Perselisihan ini terus berlanjut selama empat atau lima hari, tanpa ada
keputusan. Bahkan perselisihan itu semakin meruncing dan hampir saja menjurus
kepada pertumpahan darah di tanah suci. Abu Umayyah bin Al-Mughirah Al-Makhzumi
tampil dan menawarkan jalan keluar dari perselisihan di antara mereka, dengan
menyerahkan urusan ini kepada siapa pun yang pertama kali masuk lewat pintu
masjid. Mereka menerima cara ini. Allah menghendaki orang yang berhak tersebut
adalah Rasulullah saw. Tatkala mengetahui hal ini, mereka
berbisik-bisik, “Inilah Al-Amin. Kami ridha kepadanya. Inilah dia Muhammad.”
Setelah mereka semua berkumpul di
sekitar beliau dan mengabarkan apa yang harus beliau lakukan, maka beliau
meminta sehelai selendang lalu beliau meletakkan Hajar Aswad tepat di
tengah-tengah selendang, lalu meminta pemuka-pemuka kabilah yang saling
berselisih untuk memegang ujung-ujung selendang, lalu memerintahkan mereka
secara bersama-sama mengangkatnya. Setelah mendekati tempatnya, beliau
mengambil Hajar Aswad dan meletakkannya di tempat semula. Ini merupakan cara
pemecahan yang sangat jitu dan diridhai semua orang.
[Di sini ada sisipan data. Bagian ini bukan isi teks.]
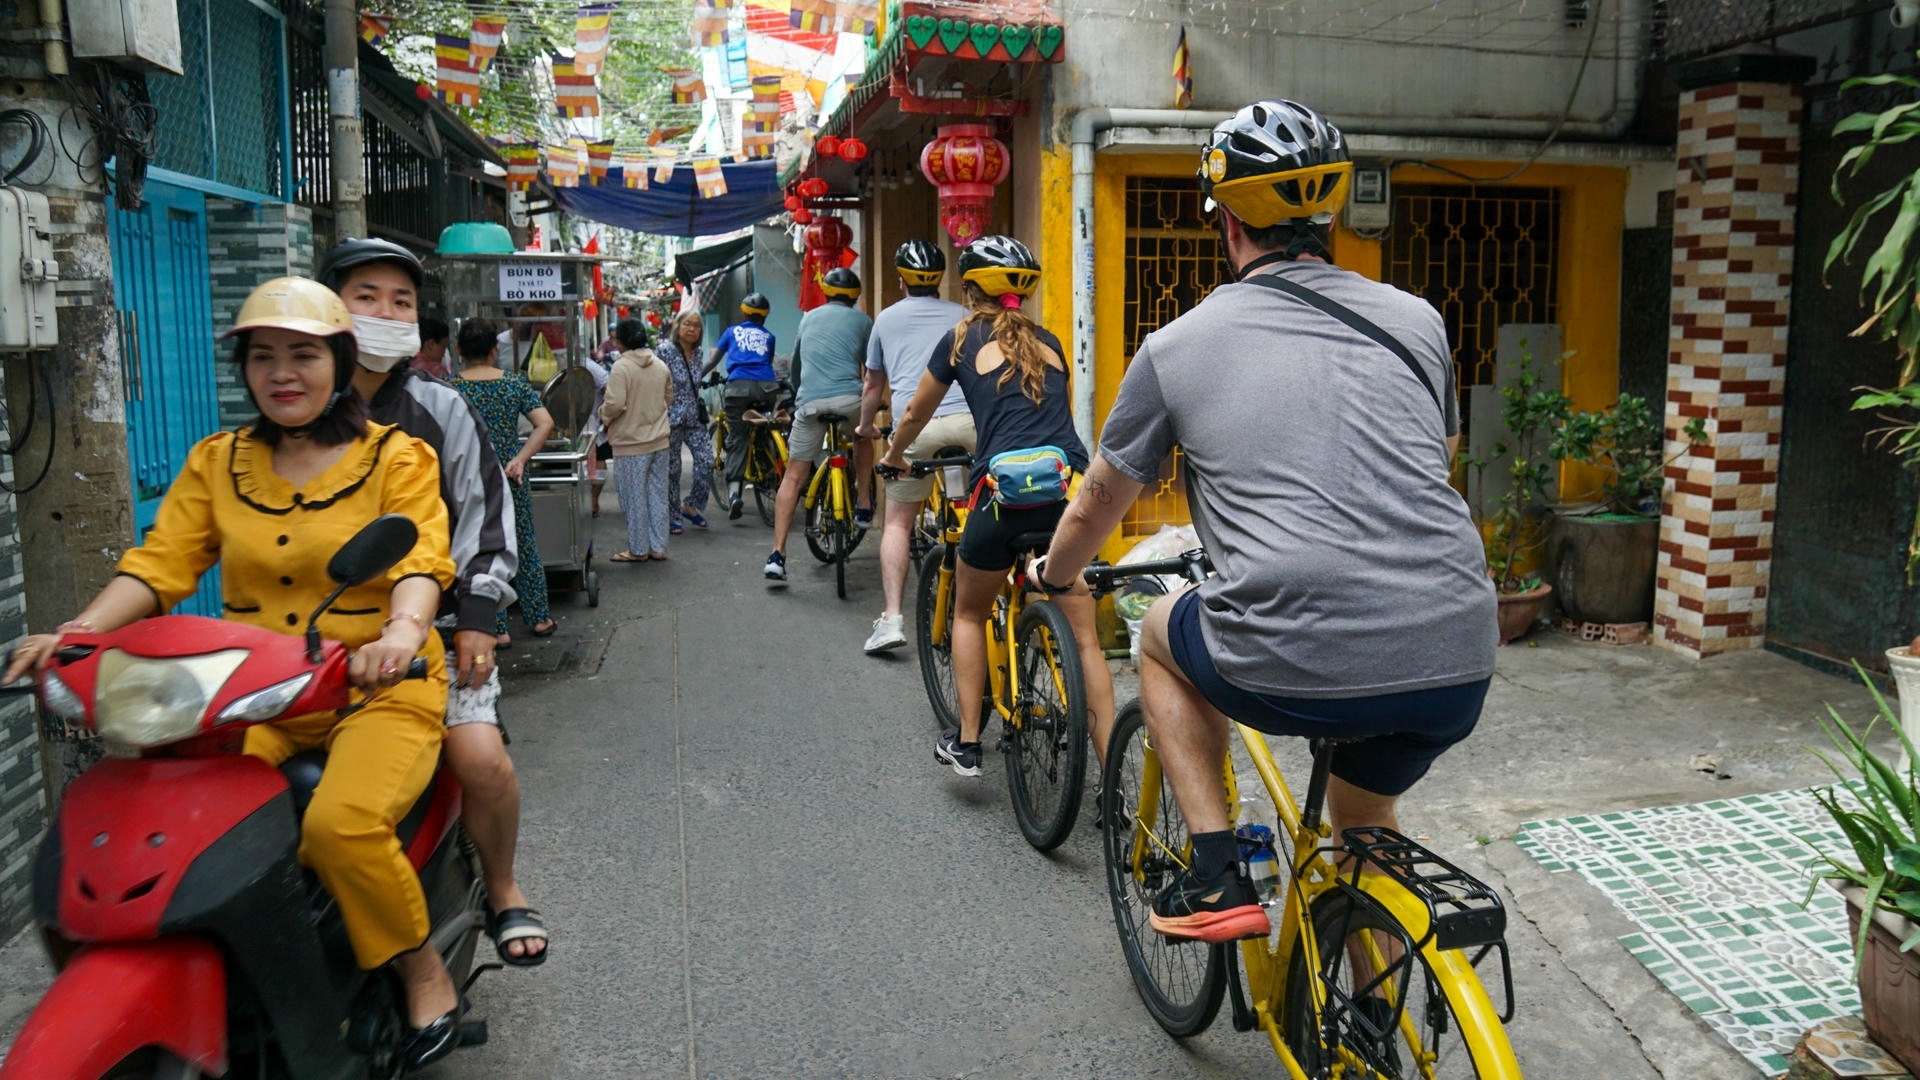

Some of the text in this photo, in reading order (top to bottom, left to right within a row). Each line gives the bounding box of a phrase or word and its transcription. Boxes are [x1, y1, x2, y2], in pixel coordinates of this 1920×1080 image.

[1210, 158, 1224, 174] 05
[507, 265, 554, 277] BÚN BÒ
[507, 288, 556, 299] BÒ KHO
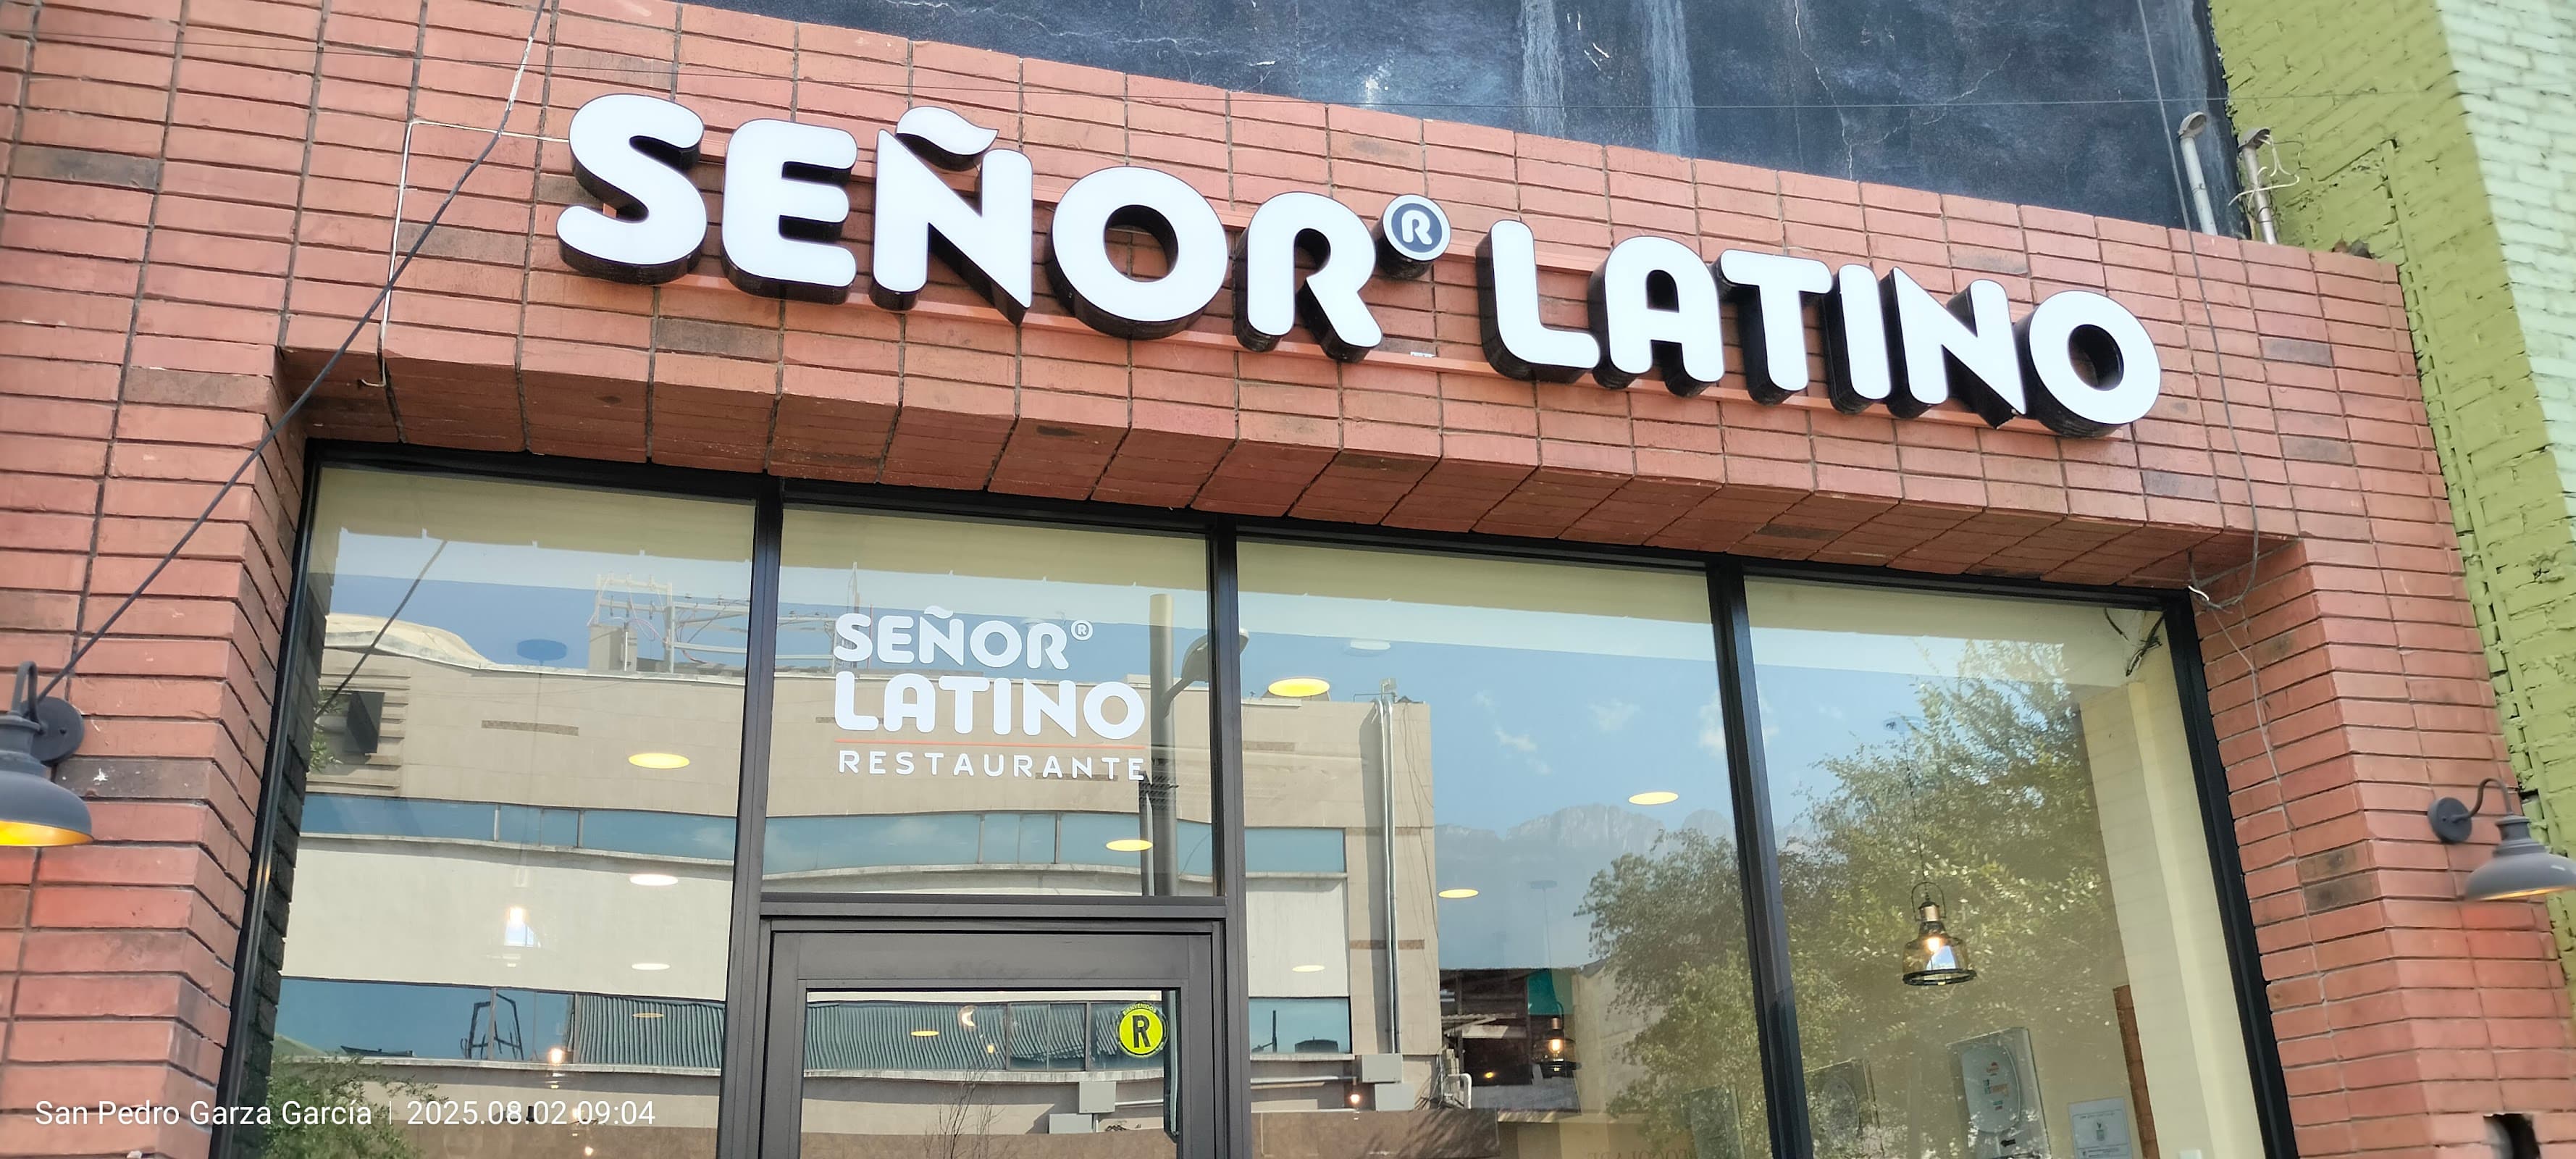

Dimanakah peran Khadijah dari
peristiwa itu dan peristiwa-peristiwa selanjutnya? Maka ia-lah istri yang setia
mendukung sang suami untuk mendamaikan kaumnya. Apa jadinya jika Rasulullah
menikah dengan seorang wanita yang individualis, yang mendukung suami hanya
ketika menumbuh kembangkan kebaikan rumah tangganya semata tanpa memperhatikan
kebaikan untuk tetangga, saudara, keluarga, bangsa dan negara.
Rasulullah di Gua Hira
Dari beberapa hasil pengamatan
Rasulullah saw. sebelum itu
telah membentangkan jarak
pemikiran antaradiri beliau
dengan kaum beliau. Selagi usia Rasulullah saw. hampir mencapai empat
puluh tahun, sesuatu yang paling disukai adalah mengasingkan diri. Dengan
membawa roti dari gandum dan air beliau pergi ke Gua Hira di Jabal Nur, yang
jaraknya kira-kira dua mil dari Makkah, suatu gua yang tidak terlalu besar,
yang panjangnya 4 hasta dan lebarnya antara 3/4 hingga 1 hasta. Kadang-kadang
keluarga beliau ada yang menyertai ke sana. Selama bulan Ramadhan beliau berada
di gua ini, dan tak lupa memberikan makanan kepada setiap orang miskin yang
juga datang ke sana. Beliau menghabiskan waktunya untuk beribadah, memikirkan
keagungan alam di sekitarnya dan kekuatan tak terhingga di balik alam. Beliau
tidak pernah merasa puas melihat keyakinan kaumnya yang penuh kemusyrikan dan
segala persepsi mereka yang tak pernah lepas dari tahayyul. Sementara itu, di
hadapan beliau juga tidak ada jalan yang jelas dan mempunyai batasan-batasan
tertentu, yang bisa menghantarkan kepada keridhaan dan kepuasan hati beliau.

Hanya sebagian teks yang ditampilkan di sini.